3. **mkdocs/docs/ contains upstream tracked files** (default screenshots, demo docs, blog posts). Tenants typically delete these locally without committing. ANY operation that brings origin/main's tracked tree into the working tree (git pull, tarball extract) will resurrect them. v2.10.2's snapshot fallback gives you a recovery path; the surgical update procedure (this doc) avoids the issue entirely.
4. **mkdocs/mkdocs.yml is tracked, tenant-customized** with branding. Lives under USER_PATHS so v2.10.2's upgrade.sh protects it. But if you do raw git operations outside the script, it's exposed.
5. **CCP backend on n4 is decoupled from per-tenant ccp-agent**. Restarting a tenant's ccp-agent does NOT affect CCP itself. Verified during bnkops patch (CCP backend stayed at 41h uptime while ccp-agent recreated).
---
## Memory files (in `/home/bunker-admin/.claude/projects/-home-bunker-admin-changemaker-lite/memory/`)
Latest session work documented in:
- `feedback_gitea_release_tag_timing.md`
- `feedback_ccp_agent_image_deps.md`
- `feedback_upgrade_compose_project_name.md`
- `feedback_upgrade_sh_bugs.md`
- `feedback_session_2026_05_20_damage_report.md`
Plus the architectural plan: `/home/bunker-admin/.claude/plans/okay-so-we-can-enumerated-hejlsberg.md`
---
## Where to start the next session
Recommended sequence:
1. **Apply surgical update to remaining 6 tenants** (~30-45 min, low risk; pia procedure already proven).

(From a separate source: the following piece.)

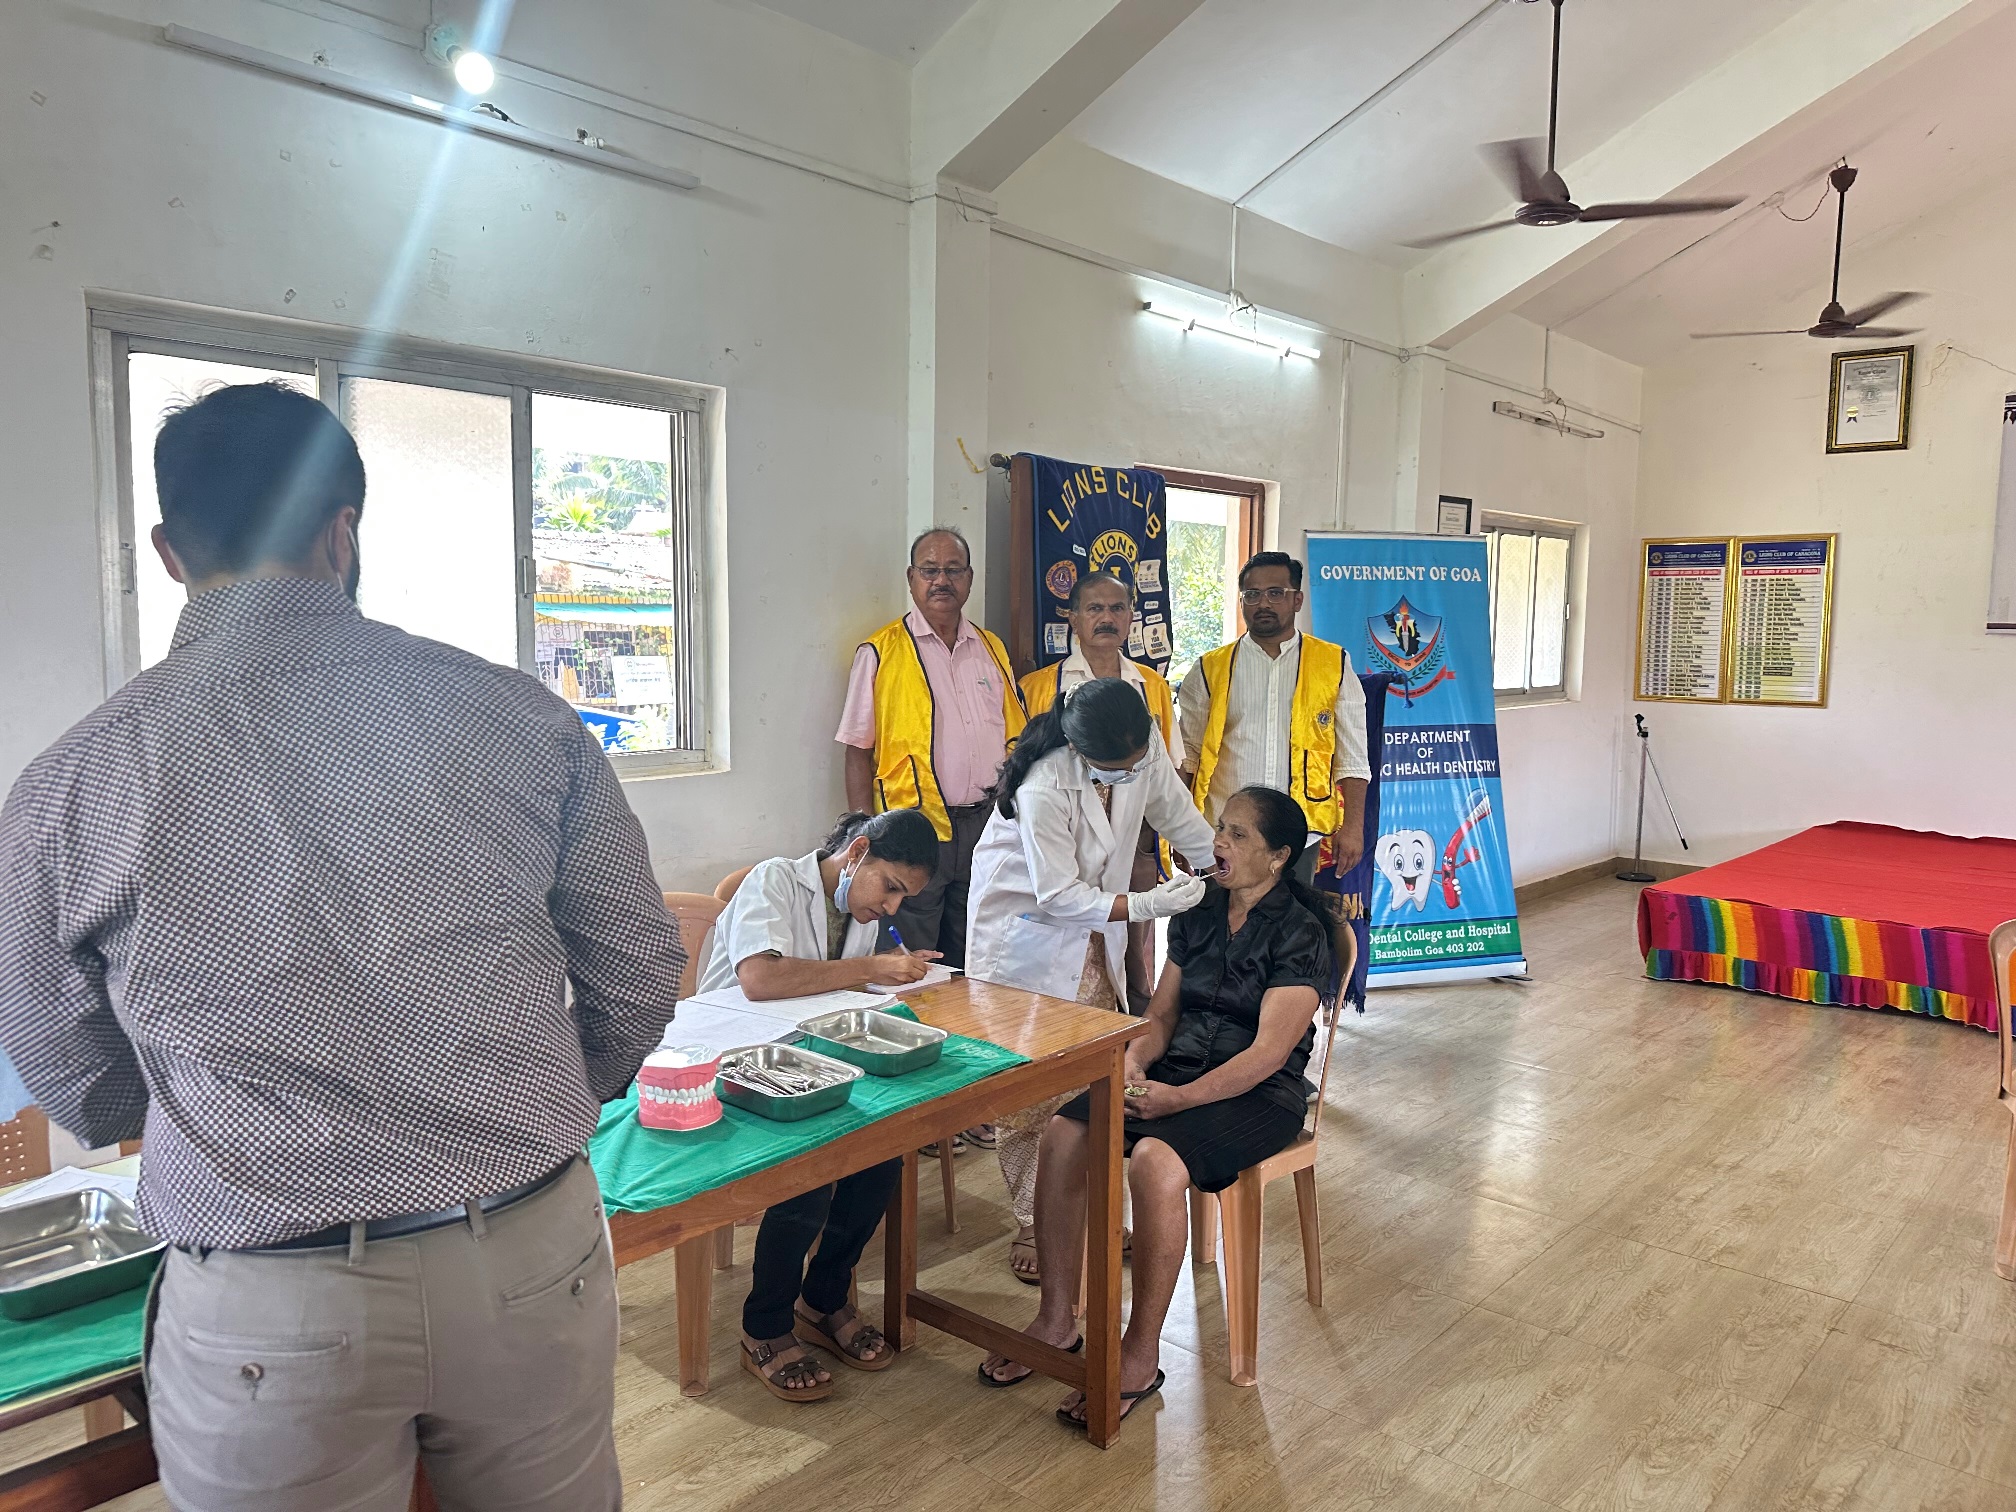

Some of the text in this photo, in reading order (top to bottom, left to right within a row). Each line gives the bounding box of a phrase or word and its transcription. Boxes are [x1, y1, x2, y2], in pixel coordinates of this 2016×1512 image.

Order: marcelle, linda (release), then soroush, trbh, bnkops, pridecorner (source).
2. **Test CCP-driven upgrade on marcelle** after surgical update lands. This will verify the deferred ccp-agent restart works end-to-end through the CCP path (the test we couldn't complete tonight because Phase 6 kept self-destructing).
3. **Implement Approach B** per the plan — image-only upgrade mode. Estimated 1-2 days.
4. **Implement Approach C** — CCP template re-render. 3-5 days.
If only one thing happens next session: **do step 1**. Six surgical updates × ~5 minutes each. The rest of the fleet stays vulnerable to Phase 6 self-destruct until they're on v2.10.2's upgrade.sh.